**Work instructions:** Print each line below verbatim, skipping every picture.

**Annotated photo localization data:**
* * * *

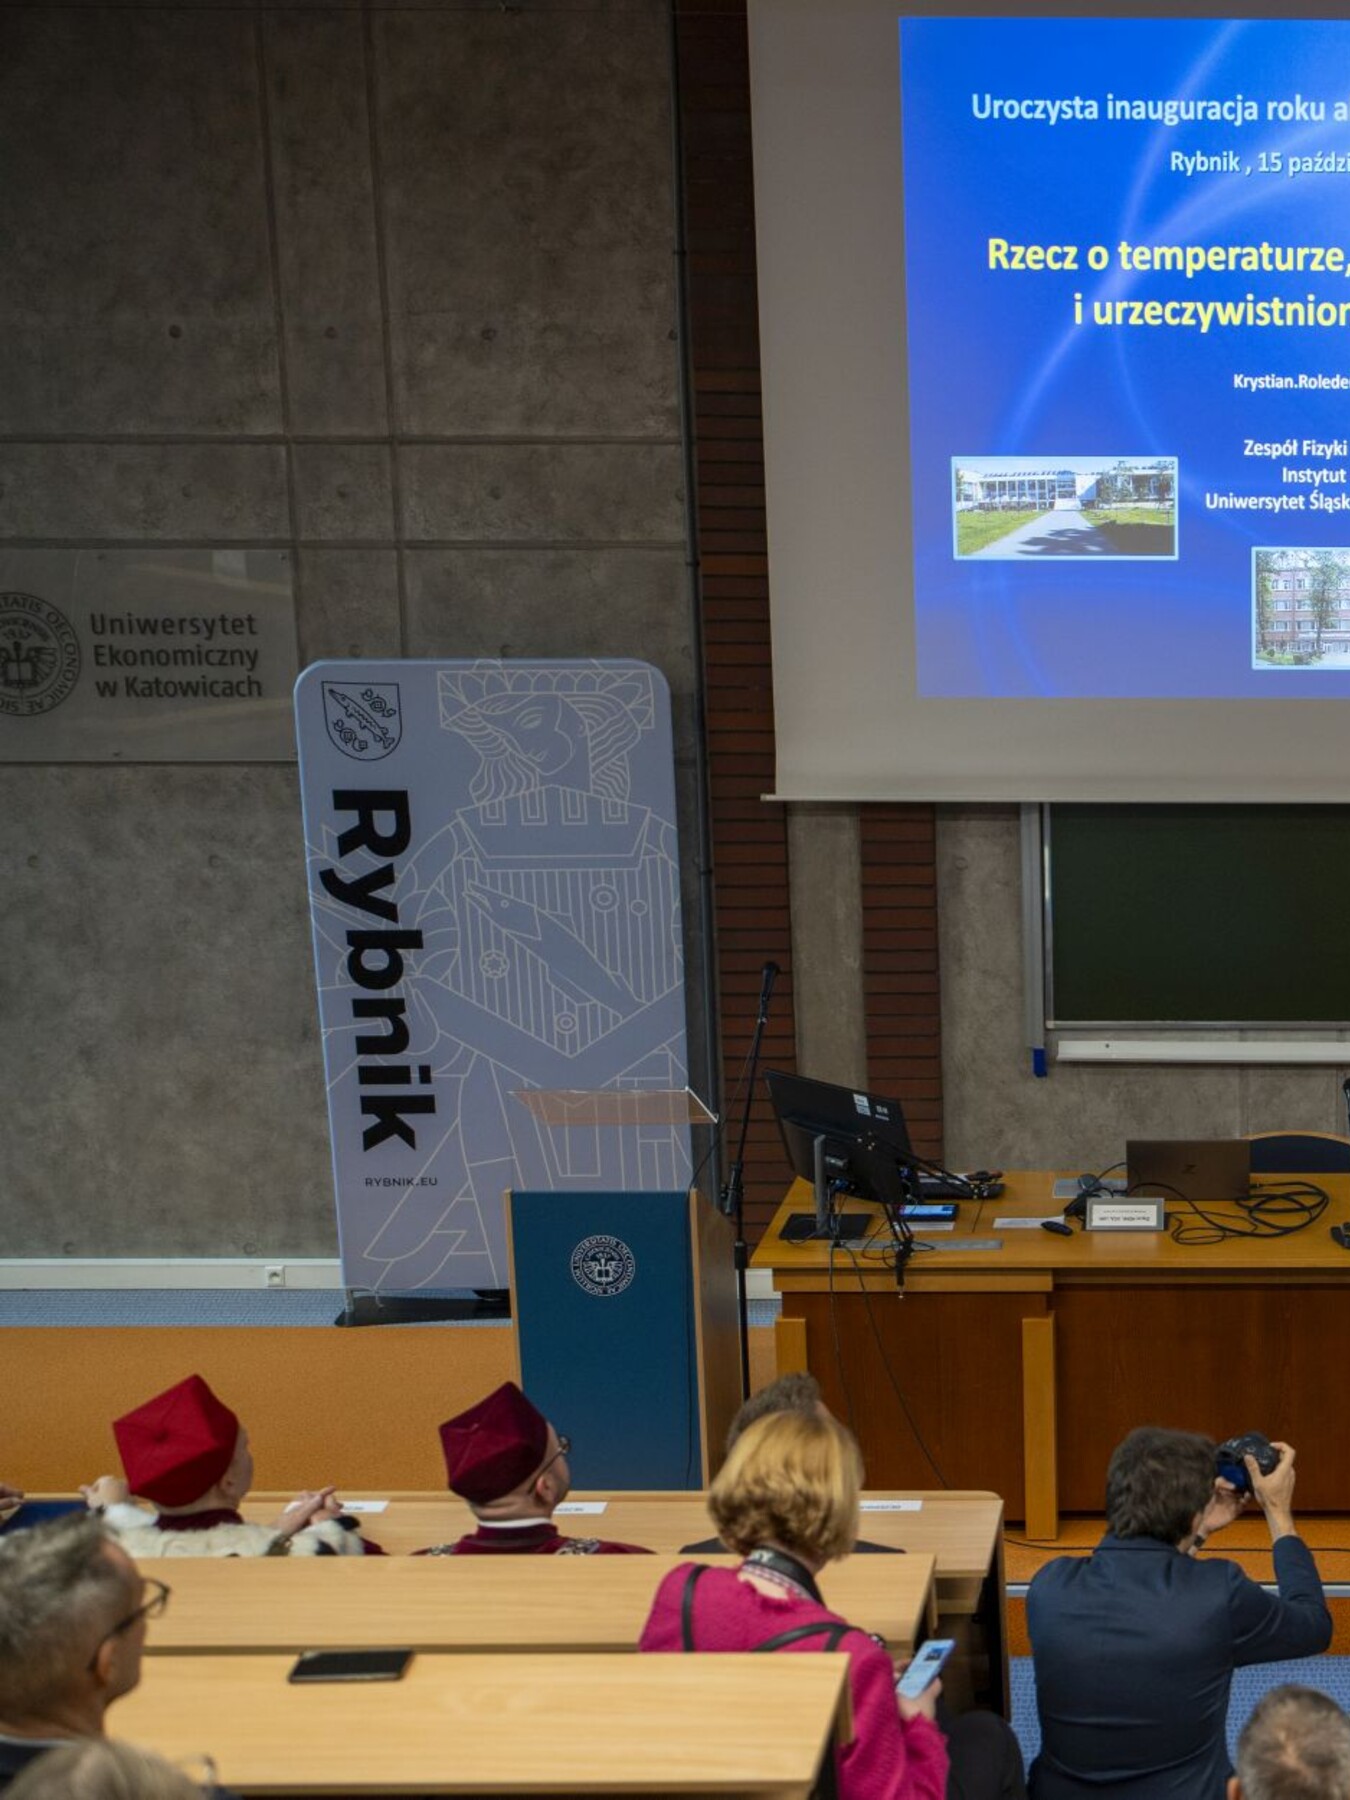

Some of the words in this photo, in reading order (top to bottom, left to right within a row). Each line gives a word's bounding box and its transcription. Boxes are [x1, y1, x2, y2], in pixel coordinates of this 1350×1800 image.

[973, 94, 1098, 125] Uroczysta
[1107, 94, 1258, 126] inauguracja
[1267, 95, 1325, 121] roku
[1171, 151, 1240, 175] Rybnik
[1258, 151, 1281, 171] 15
[989, 238, 1078, 270] Rzecz
[1088, 246, 1109, 270] o
[1074, 293, 1082, 325] i
[1244, 439, 1298, 459] Zespół
[1303, 440, 1347, 459] Fizyki
[1283, 467, 1346, 487] Instytut
[1206, 493, 1305, 513] Uniwersytet
[90, 613, 257, 640] Uniwersytet
[93, 644, 258, 672] Ekonomiczny
[95, 681, 118, 697] w
[124, 675, 262, 698] Katowicach
[319, 790, 435, 1151] Rybnik
[365, 1177, 437, 1187] RYBNIK.EU
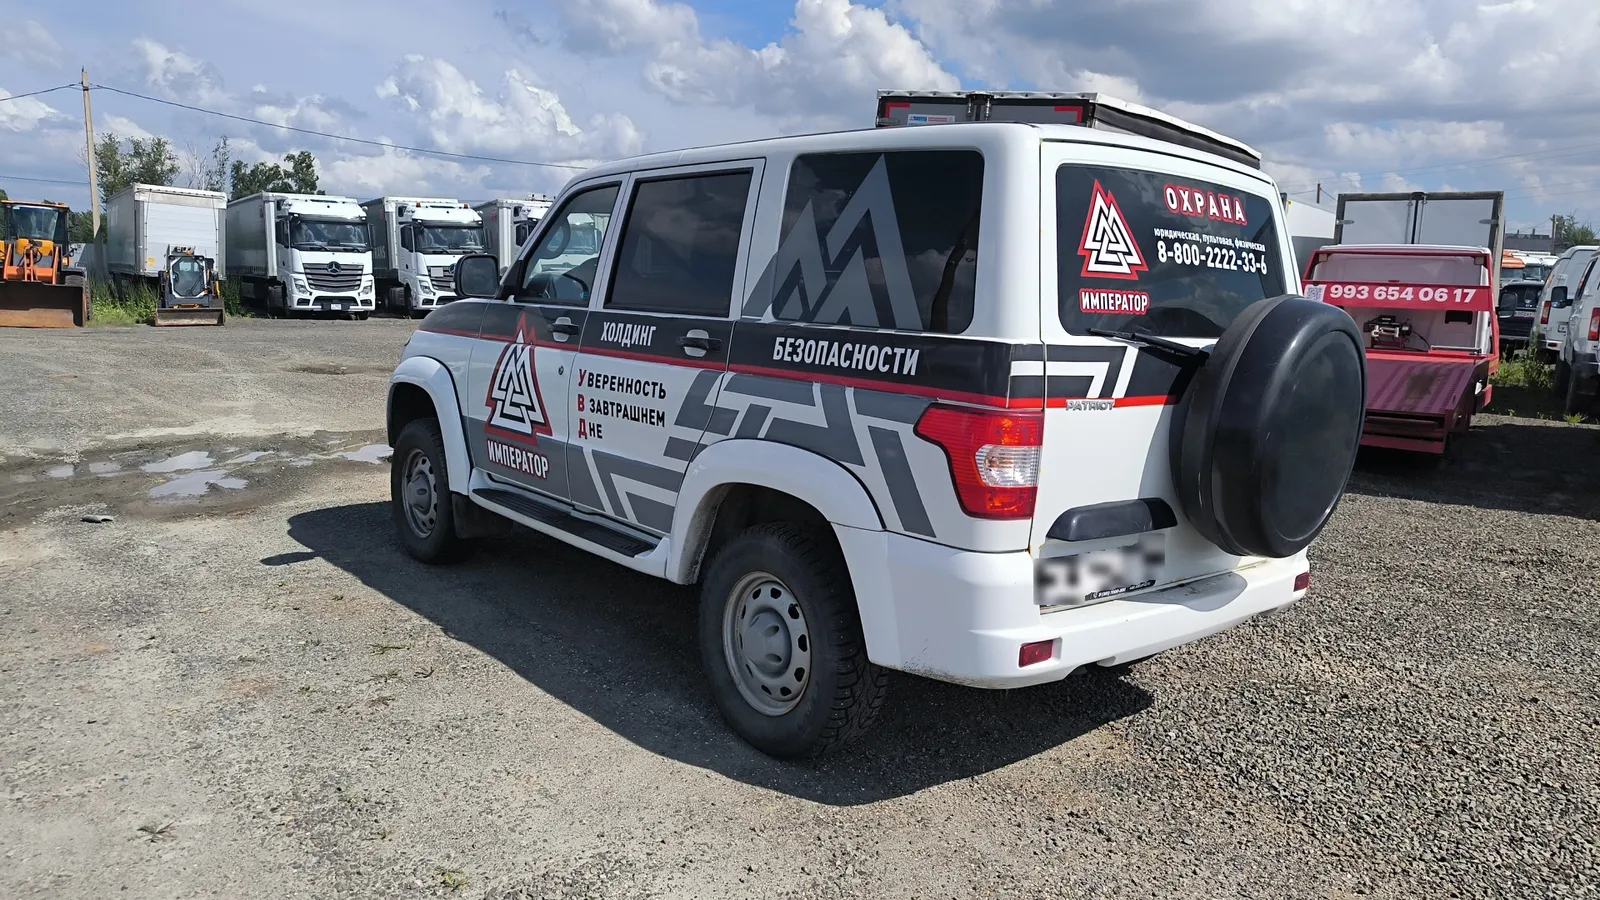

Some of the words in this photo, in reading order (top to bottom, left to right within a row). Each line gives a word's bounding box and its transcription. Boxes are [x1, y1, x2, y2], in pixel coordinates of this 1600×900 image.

[1165, 186, 1245, 222] ОХРАНА
[1154, 227, 1202, 243] юридическая,
[1202, 234, 1234, 249] пультовая,
[1234, 236, 1266, 252] физическая
[1157, 240, 1267, 275] 8-800-2222-33-6
[1081, 291, 1148, 312] ИМПЕРАТОР
[1330, 284, 1369, 299] 993
[1373, 286, 1414, 301] 654
[1418, 287, 1448, 302] 06
[1453, 288, 1477, 303] 17
[600, 321, 656, 348] ХОЛДИНГ
[773, 336, 920, 376] БЕЗОПАСНОСТИ
[578, 369, 667, 399] УВЕРЕННОСТЬ
[577, 394, 585, 412] В
[589, 399, 666, 427] ЗАВТРАШНЕМ
[1065, 400, 1115, 411] PATRIOT
[578, 419, 603, 439] ДНЕ
[487, 440, 549, 479] ИМПЕРАТОР

* * * *

**Written answer:**
Some of the words in this photo, in reading order (top to bottom, left to right within a row). Each line gives a word's bounding box and its transcription. Boxes are [x1, y1, x2, y2], in pixel coordinates of this 1350×1800 image.

[973, 94, 1098, 125] Uroczysta
[1107, 94, 1258, 126] inauguracja
[1267, 95, 1325, 121] roku
[1171, 151, 1240, 175] Rybnik
[1258, 151, 1281, 171] 15
[989, 238, 1078, 270] Rzecz
[1088, 246, 1109, 270] o
[1074, 293, 1082, 325] i
[1244, 439, 1298, 459] Zespół
[1303, 440, 1347, 459] Fizyki
[1283, 467, 1346, 487] Instytut
[1206, 493, 1305, 513] Uniwersytet
[90, 613, 257, 640] Uniwersytet
[93, 644, 258, 672] Ekonomiczny
[95, 681, 118, 697] w
[124, 675, 262, 698] Katowicach
[319, 790, 435, 1151] Rybnik
[365, 1177, 437, 1187] RYBNIK.EU

Some of the words in this photo, in reading order (top to bottom, left to right within a row). Each line gives a word's bounding box and its transcription. Boxes are [x1, y1, x2, y2], in pixel coordinates of this 1600×900 image.

[1165, 186, 1245, 222] ОХРАНА
[1154, 227, 1202, 243] юридическая,
[1202, 234, 1234, 249] пультовая,
[1234, 236, 1266, 252] физическая
[1157, 240, 1267, 275] 8-800-2222-33-6
[1081, 291, 1148, 312] ИМПЕРАТОР
[1330, 284, 1369, 299] 993
[1373, 286, 1414, 301] 654
[1418, 287, 1448, 302] 06
[1453, 288, 1477, 303] 17
[600, 321, 656, 348] ХОЛДИНГ
[773, 336, 920, 376] БЕЗОПАСНОСТИ
[578, 369, 667, 399] УВЕРЕННОСТЬ
[577, 394, 585, 412] В
[589, 399, 666, 427] ЗАВТРАШНЕМ
[1065, 400, 1115, 411] PATRIOT
[578, 419, 603, 439] ДНЕ
[487, 440, 549, 479] ИМПЕРАТОР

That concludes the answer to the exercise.